Não havia muitos além dela no enterro do pai, talvez não chegasse a uma dezena de pessoas, e era espantoso para Clara olhar para aqueles rostos e não reconhecer ninguém. Sua mãe, ao seu lado, era o único rosto conhecido. Ela estava, todavia, tão apática quanto os demais, sem deixar escorrer uma lágrima sequer enquanto assistia ao caixão ser baixado. Por toda a tarde, Clara esperou por um abraço seu ou que sua mão fosse segurada por ela, em vão.

Tão logo começaram a jogar a terra por cima do caixão, os demais presentes caminharam em direção à mãe de Clara, fazendo um gesto protocolar de pêsames, ao que ela respondia de forma também protocolar. A garota observava o movimento dos outros de relance, logo, todos haviam ido embora, restando ela e sua mãe. Um momento íntimo, enfim.

Sua mãe encostou a mão em seu ombro, puxando-a e, sem falar nada, começou a caminhar para o carro que as aguardava, um grande sedã preto. Clara ficou como uma náufraga sendo guiada pela maré e seguiu para o carro acompanhando sua mãe. No caminho, avistou uma flor. Ficou com vontade de pegá-la para deixar em cima do túmulo de seu pai, como um último gesto de benevolência e homenagem, mas um sentimento ruim a consumiu e ela simplesmente engoliu aquela vontade e seguiu em frente.

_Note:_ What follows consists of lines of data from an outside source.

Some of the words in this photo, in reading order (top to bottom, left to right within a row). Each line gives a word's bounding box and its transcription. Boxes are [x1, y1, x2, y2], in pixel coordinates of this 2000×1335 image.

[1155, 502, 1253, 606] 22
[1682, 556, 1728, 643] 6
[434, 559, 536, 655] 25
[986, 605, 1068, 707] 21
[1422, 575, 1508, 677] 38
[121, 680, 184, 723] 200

Clara e os pais moravam em Porto Feliz, uma cidade litorânea. Entretanto, apesar disso, eles jamais foram tomar banho de mar. Assim, olhar de dentro do carro para o lindo mar da região não trazia nenhuma boa lembrança a ela, apenas pensamentos de oportunidades perdidas.

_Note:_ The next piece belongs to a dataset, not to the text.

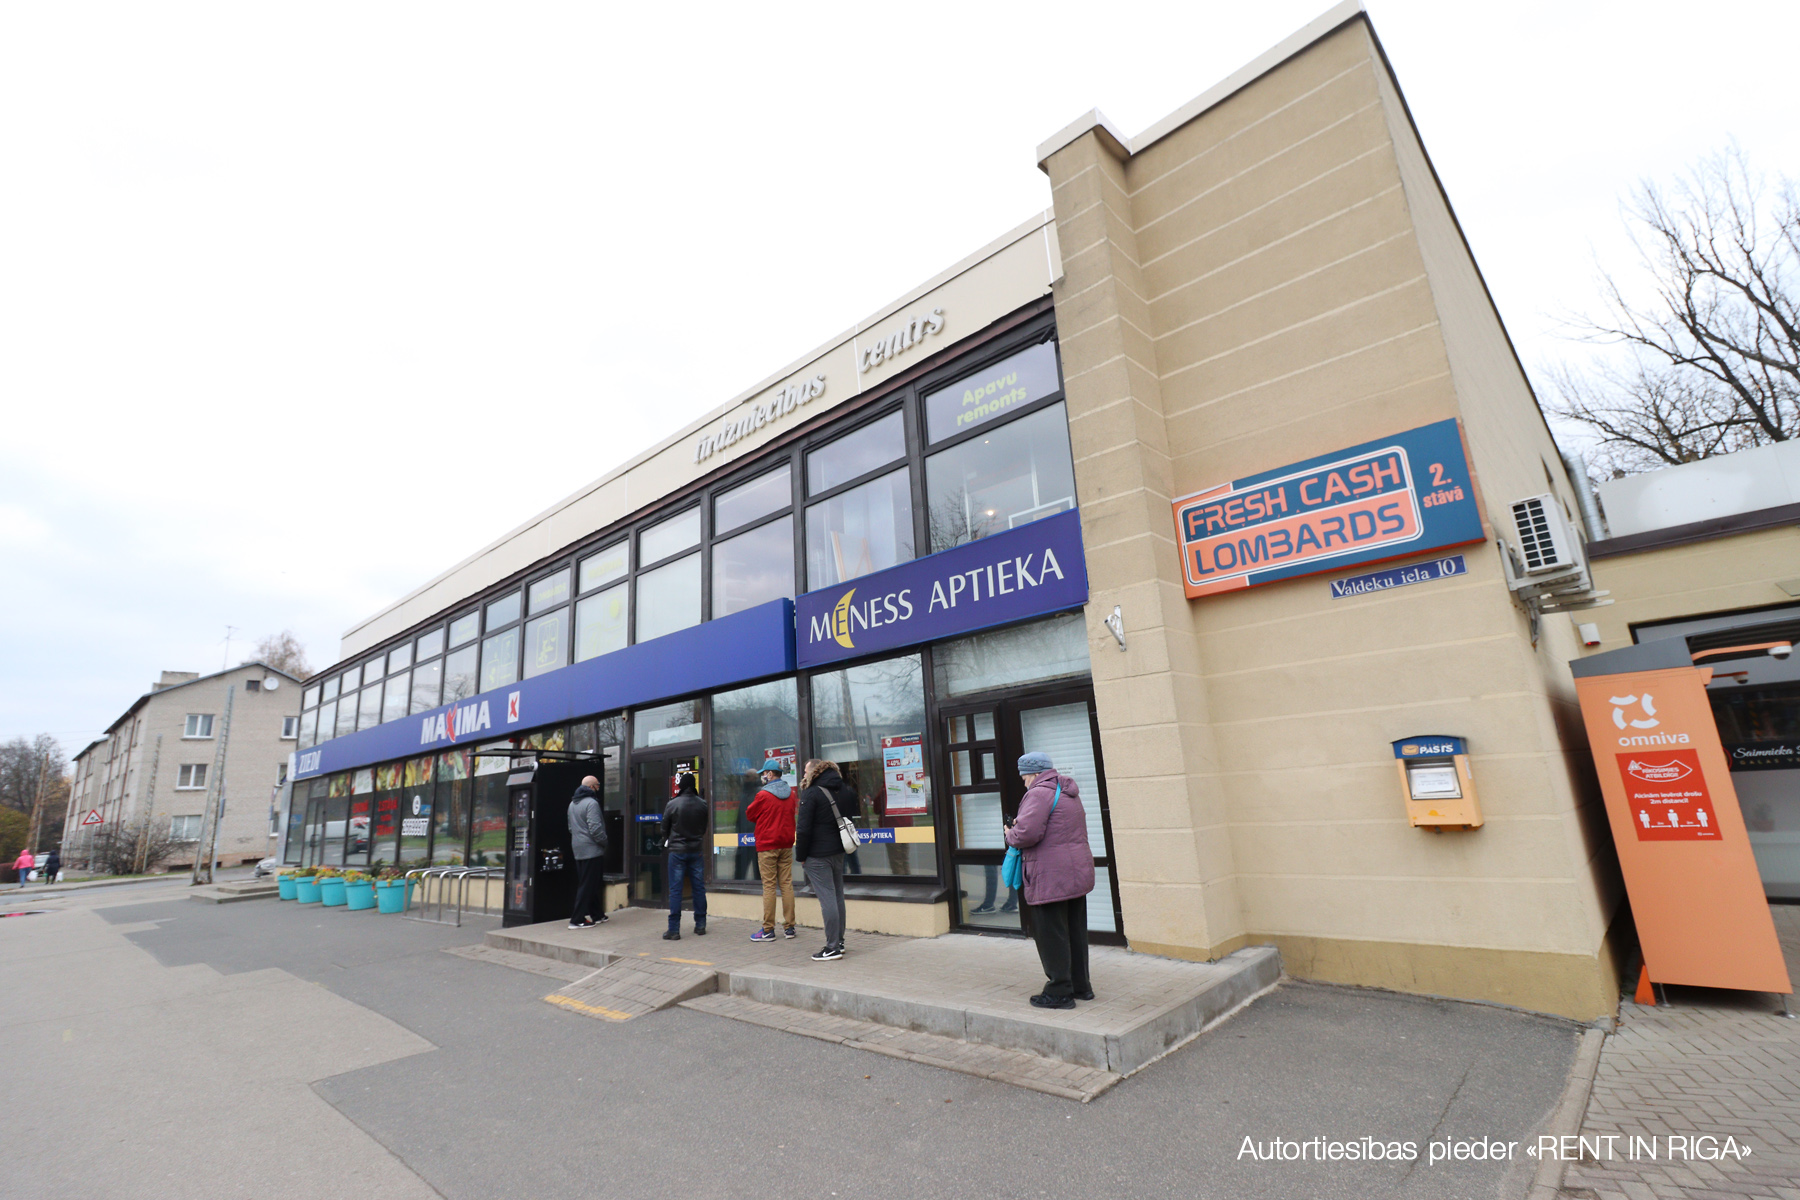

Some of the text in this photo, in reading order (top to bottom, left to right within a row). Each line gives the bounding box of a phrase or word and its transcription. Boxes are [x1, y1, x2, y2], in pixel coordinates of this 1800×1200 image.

De volta à casa, estranhamente, tudo parecia igual, como se a presença de seu pai não fizesse diferença. Essa indiferença deixou Clara ainda mais angustiada. Enquanto sua mãe foi para a cozinha preparar algo para comer, a garota subiu para seu quarto. Chegando lá, olhou-se no espelho, estava acabada, com cara de quem não dormia há dias. Reparou na mecha branca que pintara pela manhã, era para tê-la deixado com um ar de descolada, mas nada daquilo importava mais. Ela se virou e avistou, em sua mesa de estudo, o último presente que o pai lhe dera.

***

No início do ano.

— Clara! chamava o pai. — Venha! Tenho um presente para você!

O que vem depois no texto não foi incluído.